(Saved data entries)
════════════════
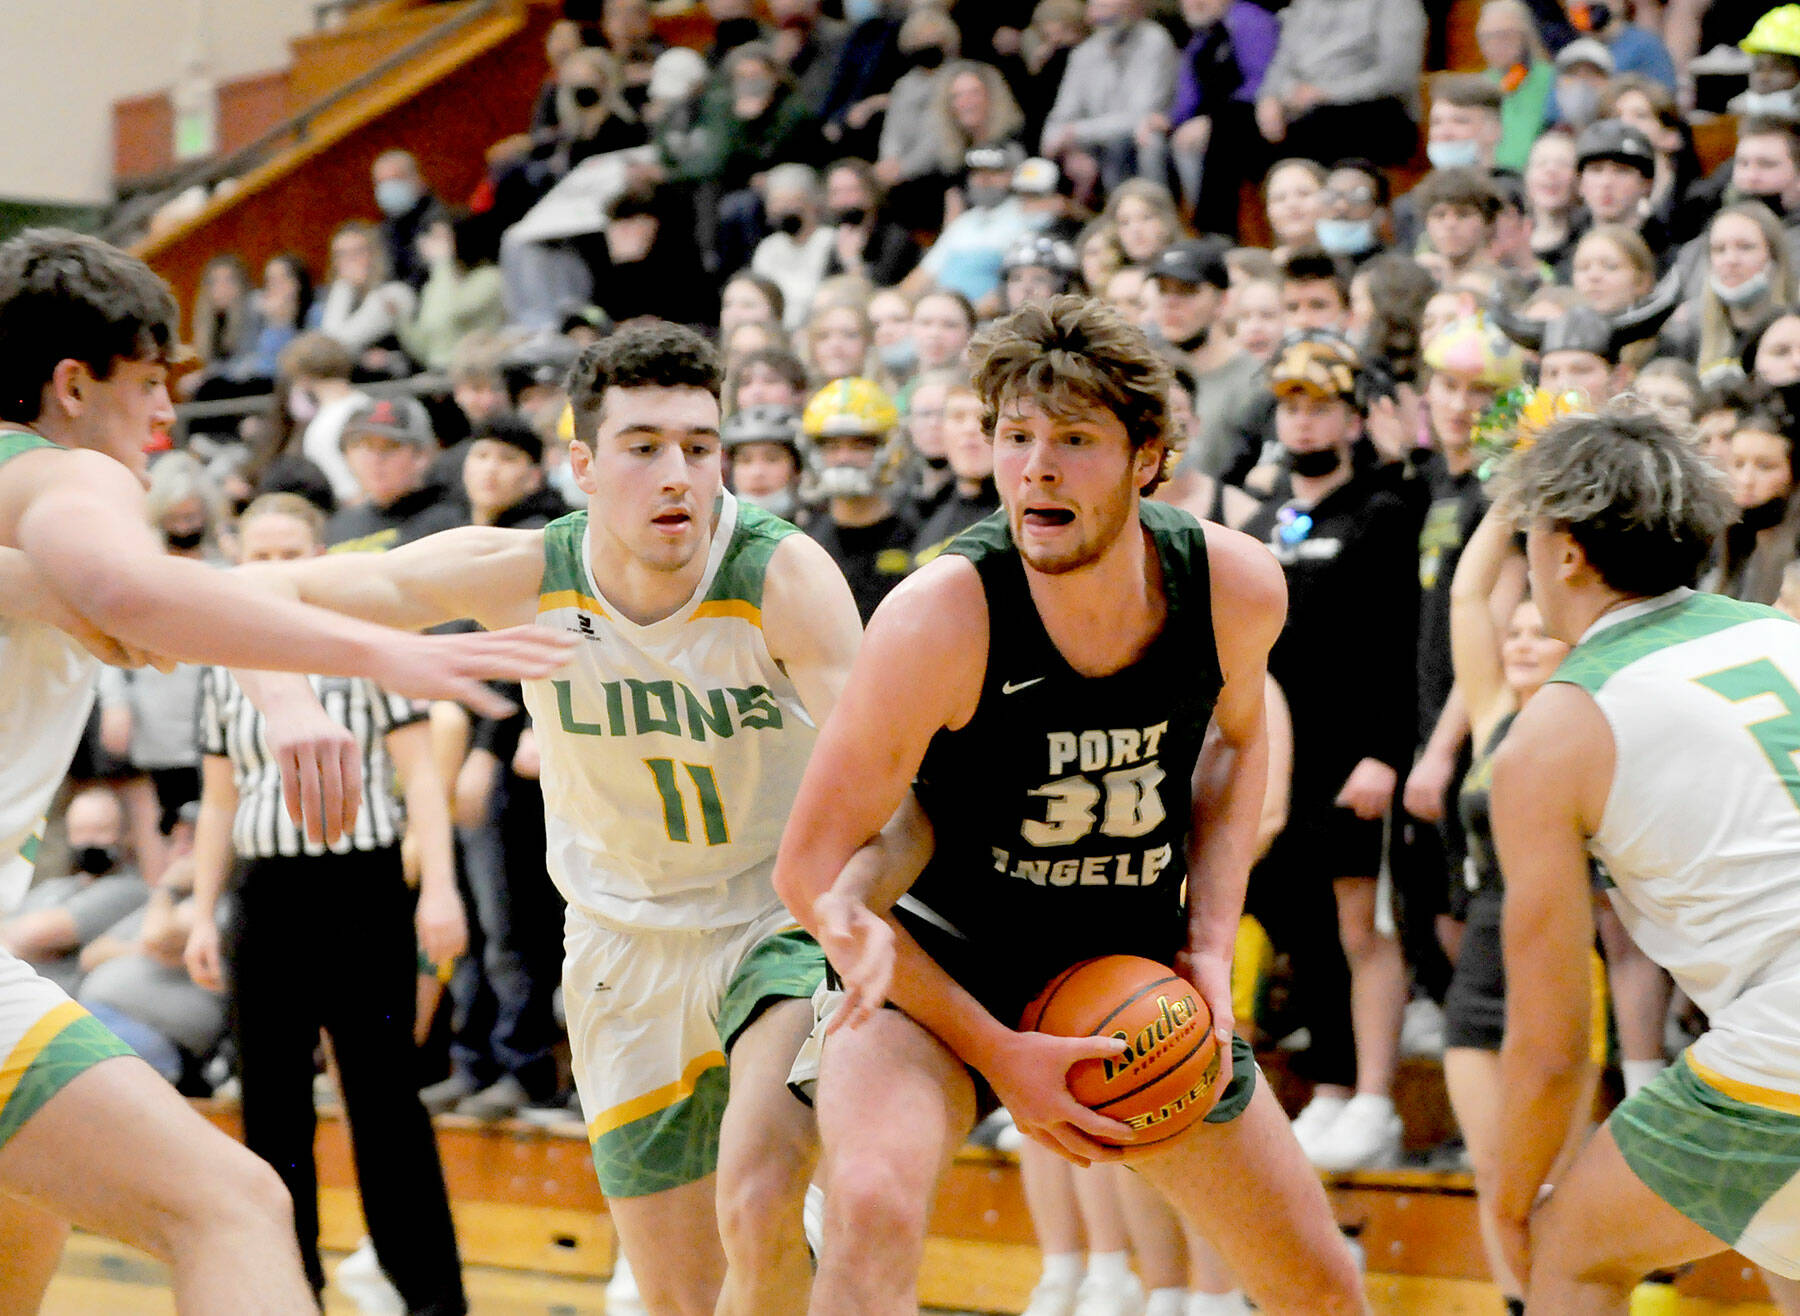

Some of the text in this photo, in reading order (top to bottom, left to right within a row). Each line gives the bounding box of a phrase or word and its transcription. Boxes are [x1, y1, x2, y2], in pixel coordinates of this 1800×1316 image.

[551, 678, 784, 742] LIONS
[1047, 720, 1168, 776] PORT
[641, 757, 731, 847] 11
[1020, 760, 1167, 848] 30
[992, 842, 1172, 887] NGELE
════════════════
WORK ITEM: Would you restate the records above word for word and exclude the pictures?

EXPECTED OUTPUT:
Some of the text in this photo, in reading order (top to bottom, left to right within a row). Each line gives the bounding box of a phrase or word and its transcription. Boxes are [x1, y1, x2, y2], in pixel coordinates of this 1800×1316 image.

[551, 678, 784, 742] LIONS
[1047, 720, 1168, 776] PORT
[641, 757, 731, 847] 11
[1020, 760, 1167, 848] 30
[992, 842, 1172, 887] NGELE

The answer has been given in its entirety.